Image-backed grounding data:
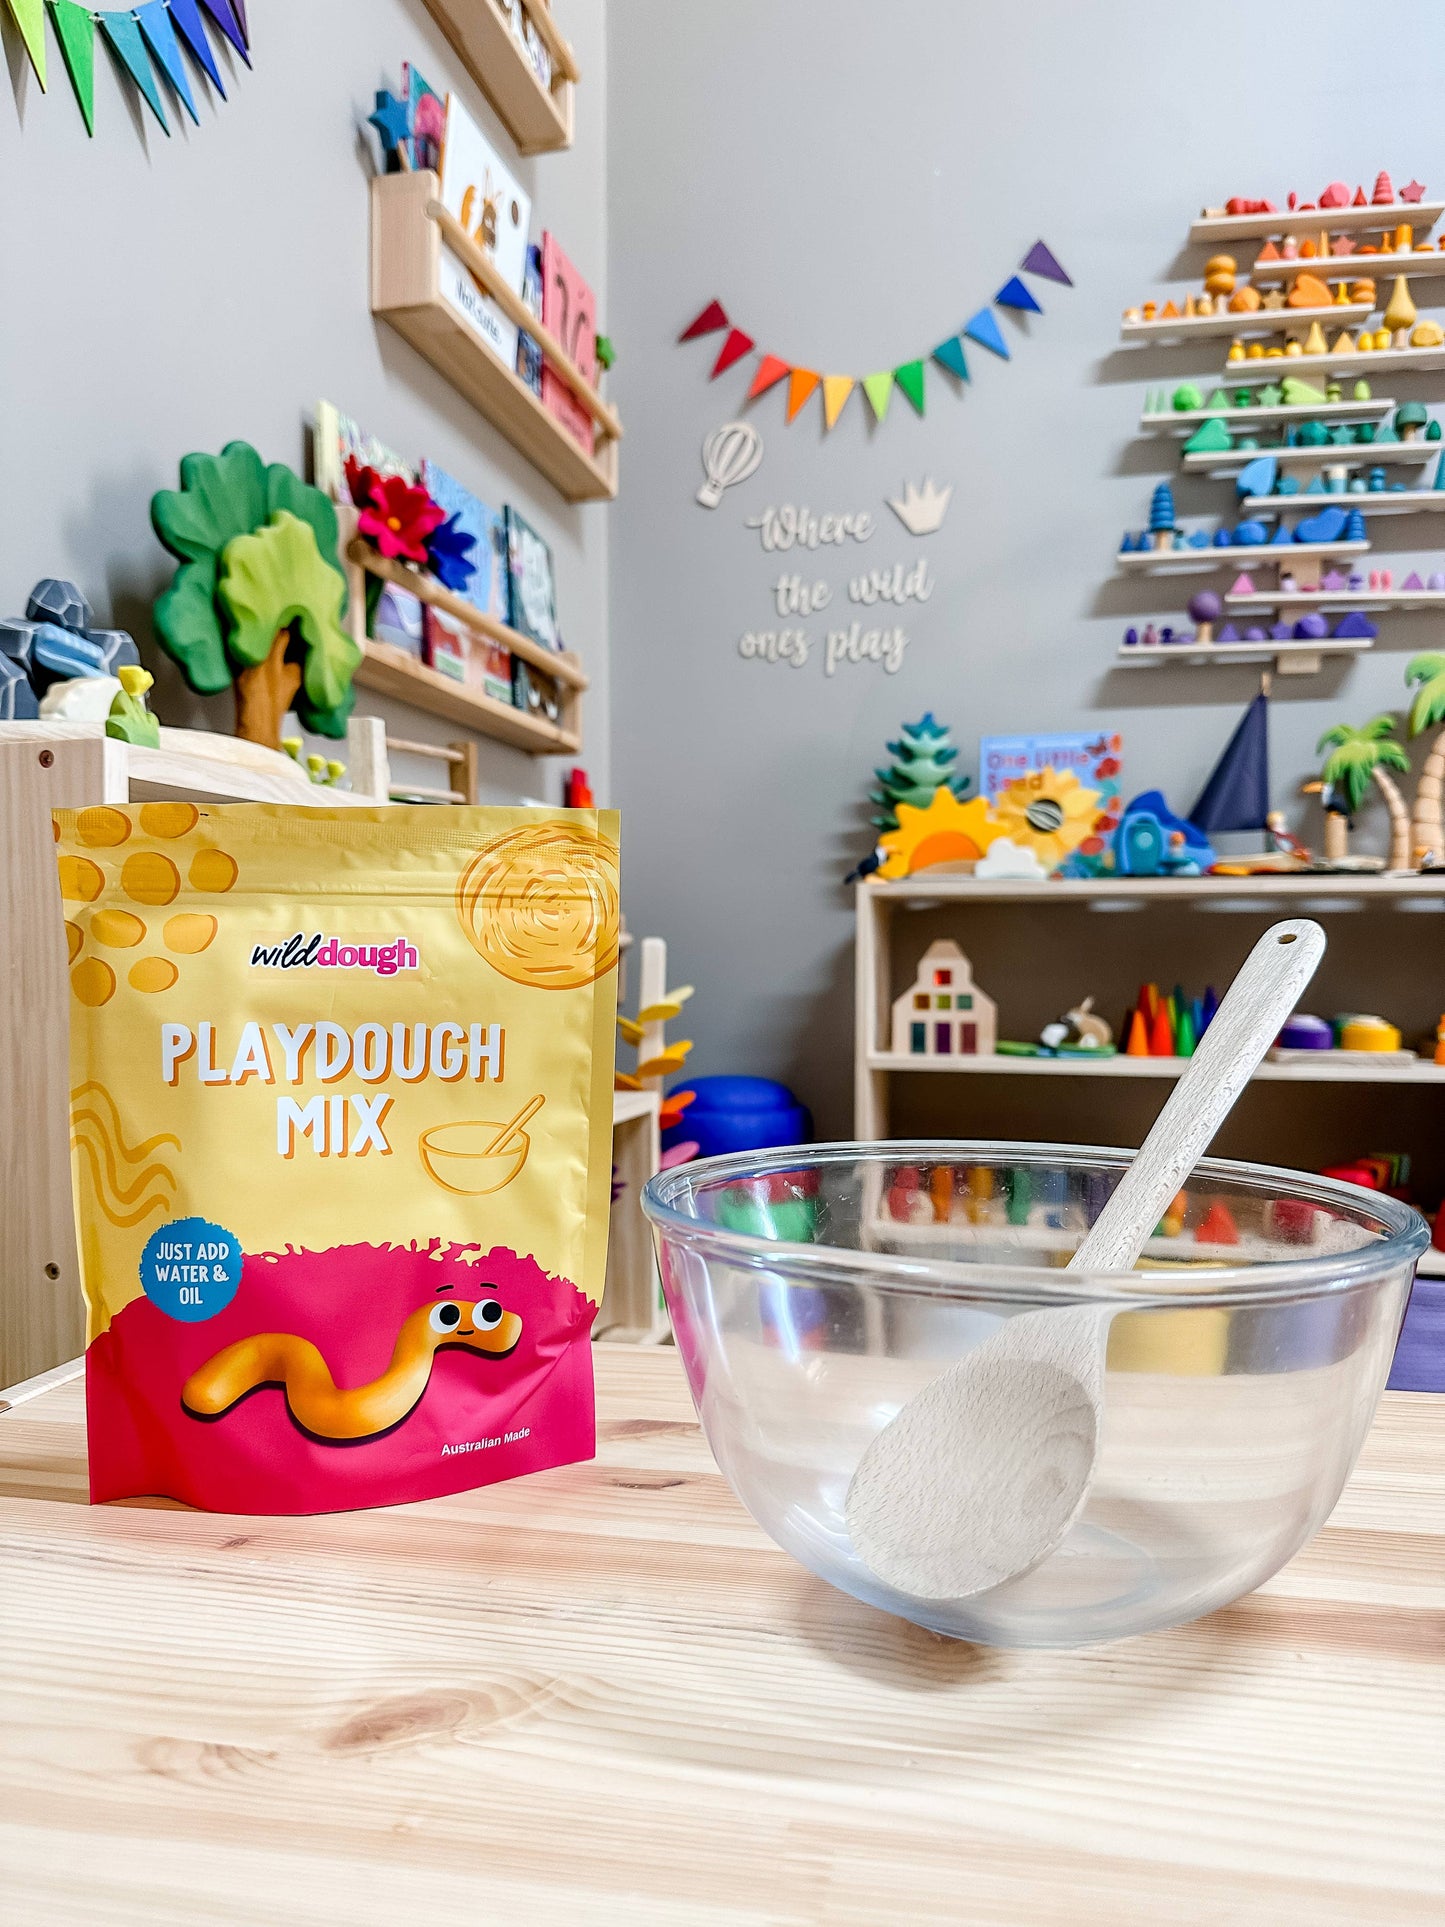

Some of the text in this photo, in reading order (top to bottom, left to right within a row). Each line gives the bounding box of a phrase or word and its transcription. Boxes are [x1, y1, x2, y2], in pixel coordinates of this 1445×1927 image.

[744, 504, 876, 551] Where
[771, 559, 935, 618] the wild
[739, 621, 911, 677] ones play
[988, 750, 1089, 769] One Little
[252, 934, 417, 975] wilddough
[161, 1021, 506, 1086] PLAYDOUGH
[276, 1093, 394, 1159] MIX
[156, 1242, 230, 1261] JUST ADD
[154, 1264, 230, 1283] WATER &
[179, 1286, 204, 1305] OIL
[441, 1427, 531, 1457] Australian Made

### TASK REQUIREMENTS
Print every entry above again, exactly as written. Leave the images out.

### ANSWER TO THIS PROBLEM
Some of the text in this photo, in reading order (top to bottom, left to right within a row). Each line gives the bounding box of a phrase or word and its transcription. Boxes are [x1, y1, x2, y2], in pixel coordinates of this 1445×1927 image.

[744, 504, 876, 551] Where
[771, 559, 935, 618] the wild
[739, 621, 911, 677] ones play
[988, 750, 1089, 769] One Little
[252, 934, 417, 975] wilddough
[161, 1021, 506, 1086] PLAYDOUGH
[276, 1093, 394, 1159] MIX
[156, 1242, 230, 1261] JUST ADD
[154, 1264, 230, 1283] WATER &
[179, 1286, 204, 1305] OIL
[441, 1427, 531, 1457] Australian Made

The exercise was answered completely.